If you answered yes, yes, and no to these three questions, then you believe that gluons have free will.
Yes, those tiny elementary particles that make up all molecules along with leptons, photons, neutrinos, and such; actually, if you are free to choose, they all are, too. John Conway and Simon Kochen, professors in Princeton’s math department, proved it three years ago. The way they phrase it is a bit more precise: “If human beings have free will, then elementary particles have free will.” In fact, it turns out that our free will (if we have it) is most likely a product of our aggregated particles’ free will in the first place. Really.

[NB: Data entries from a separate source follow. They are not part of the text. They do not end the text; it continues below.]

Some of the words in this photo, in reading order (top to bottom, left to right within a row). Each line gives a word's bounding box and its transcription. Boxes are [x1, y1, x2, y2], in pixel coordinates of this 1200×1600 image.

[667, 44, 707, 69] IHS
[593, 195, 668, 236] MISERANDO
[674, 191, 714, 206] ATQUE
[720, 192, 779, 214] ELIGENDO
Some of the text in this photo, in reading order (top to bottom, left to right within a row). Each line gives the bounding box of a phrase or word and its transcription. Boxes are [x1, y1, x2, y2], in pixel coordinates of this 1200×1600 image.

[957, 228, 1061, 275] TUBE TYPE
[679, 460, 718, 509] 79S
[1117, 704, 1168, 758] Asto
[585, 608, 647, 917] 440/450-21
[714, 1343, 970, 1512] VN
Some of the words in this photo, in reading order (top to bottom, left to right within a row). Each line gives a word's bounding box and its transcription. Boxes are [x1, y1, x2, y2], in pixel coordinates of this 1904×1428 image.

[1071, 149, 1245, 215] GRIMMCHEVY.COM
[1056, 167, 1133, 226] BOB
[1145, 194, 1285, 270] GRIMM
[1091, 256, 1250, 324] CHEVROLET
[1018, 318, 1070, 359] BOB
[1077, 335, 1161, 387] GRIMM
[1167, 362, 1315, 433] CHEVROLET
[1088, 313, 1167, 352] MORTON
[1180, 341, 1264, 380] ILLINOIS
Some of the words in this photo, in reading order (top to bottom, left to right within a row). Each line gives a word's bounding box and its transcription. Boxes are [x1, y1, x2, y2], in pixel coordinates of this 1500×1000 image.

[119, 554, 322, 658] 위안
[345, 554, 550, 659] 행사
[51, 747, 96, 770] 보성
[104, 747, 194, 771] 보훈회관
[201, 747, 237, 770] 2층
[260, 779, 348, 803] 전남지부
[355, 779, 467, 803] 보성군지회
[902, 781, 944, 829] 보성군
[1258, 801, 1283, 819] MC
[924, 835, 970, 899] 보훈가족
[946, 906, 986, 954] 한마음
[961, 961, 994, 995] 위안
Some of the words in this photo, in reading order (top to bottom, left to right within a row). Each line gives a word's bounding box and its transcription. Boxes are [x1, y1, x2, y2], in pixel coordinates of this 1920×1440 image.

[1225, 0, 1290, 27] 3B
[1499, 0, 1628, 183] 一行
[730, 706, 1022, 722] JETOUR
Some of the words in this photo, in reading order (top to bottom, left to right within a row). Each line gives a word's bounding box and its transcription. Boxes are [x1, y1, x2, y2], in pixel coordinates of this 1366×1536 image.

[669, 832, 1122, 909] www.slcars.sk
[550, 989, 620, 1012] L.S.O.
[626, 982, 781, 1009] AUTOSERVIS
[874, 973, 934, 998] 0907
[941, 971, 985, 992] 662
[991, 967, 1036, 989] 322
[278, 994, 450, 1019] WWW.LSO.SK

This spring, Conway presented a series of six lectures in a packed McDonnell Hall to explain this proof to the general public. Conducted in his famed low-key but arresting style, the lectures contain nuggets such as:
• Why it can’t be proved that free will definitely exists in the first place (a nod to the determinists)
• How you establish experimentally that a particle has free will — you ask it a question (this has a Dr. Dolittle feel)
• Why the easiest way to conduct the experiment is to send your friend to Mars (blame Einstein)
• Why free will is different from a random event (in a word, timing)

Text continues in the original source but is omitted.